ATP6V0B promotes the tumorigenesis of bladder cancer by activating PAQR4/PI3K/AKT signaling.

BACKGROUND: ATPase H(+) transporting V0 subunit b (ATP6V0B) is an essential component of the vacuolar ATP multi-protein complex (V-ATPase) associated with energy metabolism. However, information on its role and mechanism of action in bladder cancer (BCa) and other tumors is not clear. METHODS: In this study, we evaluated the expression of ATP6V0B in BCa and its correlation with patient survival outcomes by performing public database analysis, as well as, RT-qPCR and Western blotting assays. We also investigated the effect of altering the level of expression of ATP6V0B on the malignant behavior of BCa cells at the cellular level by conducting the CCK-8 assay and Transwell assay. In vivo experiments involved subcutaneous injection of stable ATP6V0B-knockdown BCa cells into nude mice to assess the influence of ATP6V0B on tumorigenesis. Additionally, bioinformatics analysis was combined with other methods to predict that ATP6V0B may modulate signaling pathways. RESULTS: The findings showed that the expression of ATP6V0B increased in BCa tissues, and patients exhibiting high levels of this protein had a poorer prognosis. Additionally, our results showed that ATP6V0B functions as an oncogene and stimulates the proliferation, invasion, and migration of BCa cells in vitro. In vivo animal studies showed that downregulating ATP6V0B hindered the growth of BCa.
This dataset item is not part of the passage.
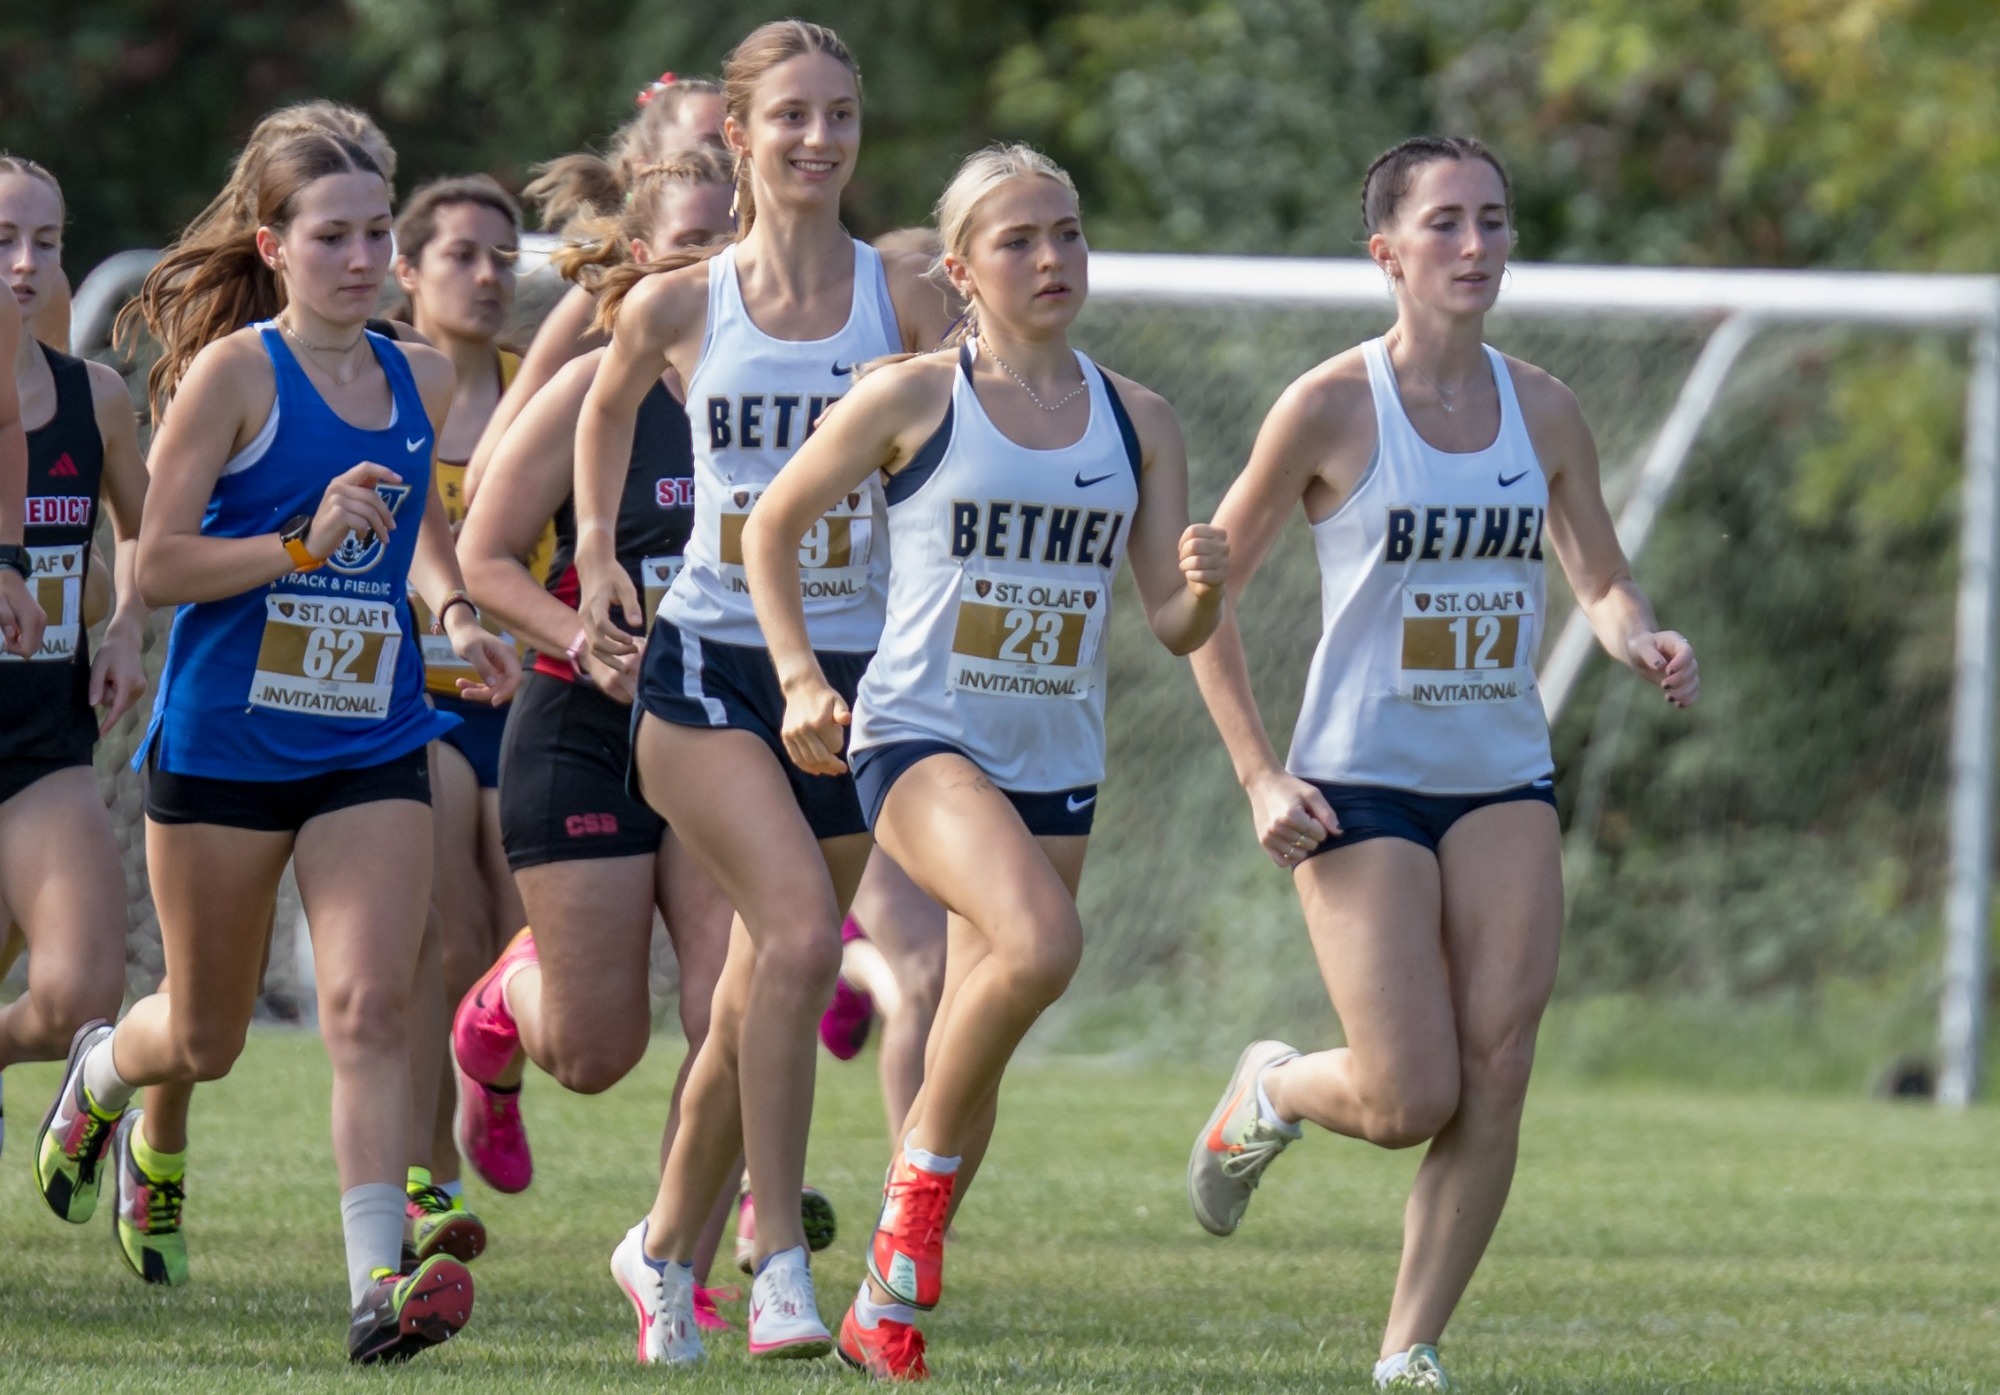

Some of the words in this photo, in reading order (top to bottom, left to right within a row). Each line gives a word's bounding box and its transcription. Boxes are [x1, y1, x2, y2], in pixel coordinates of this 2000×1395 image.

Regarding the mechanism of action of ATVP60VB, we found that ATVP60VB can activate the PI3K/AKT signaling pathway through Progestin and AdipoQ Receptor Family Member 4 (PAQR4) -mediated upregulation. CONCLUSION: To summarize, the results of this study indicated that an increase in the level of expression of ATP6V0B in BCa tissues and cells is associated with unfavorable patient prognosis due to its tumor-promoting effects via upregulation of the PAQR4/PI3K/AKT signaling pathway.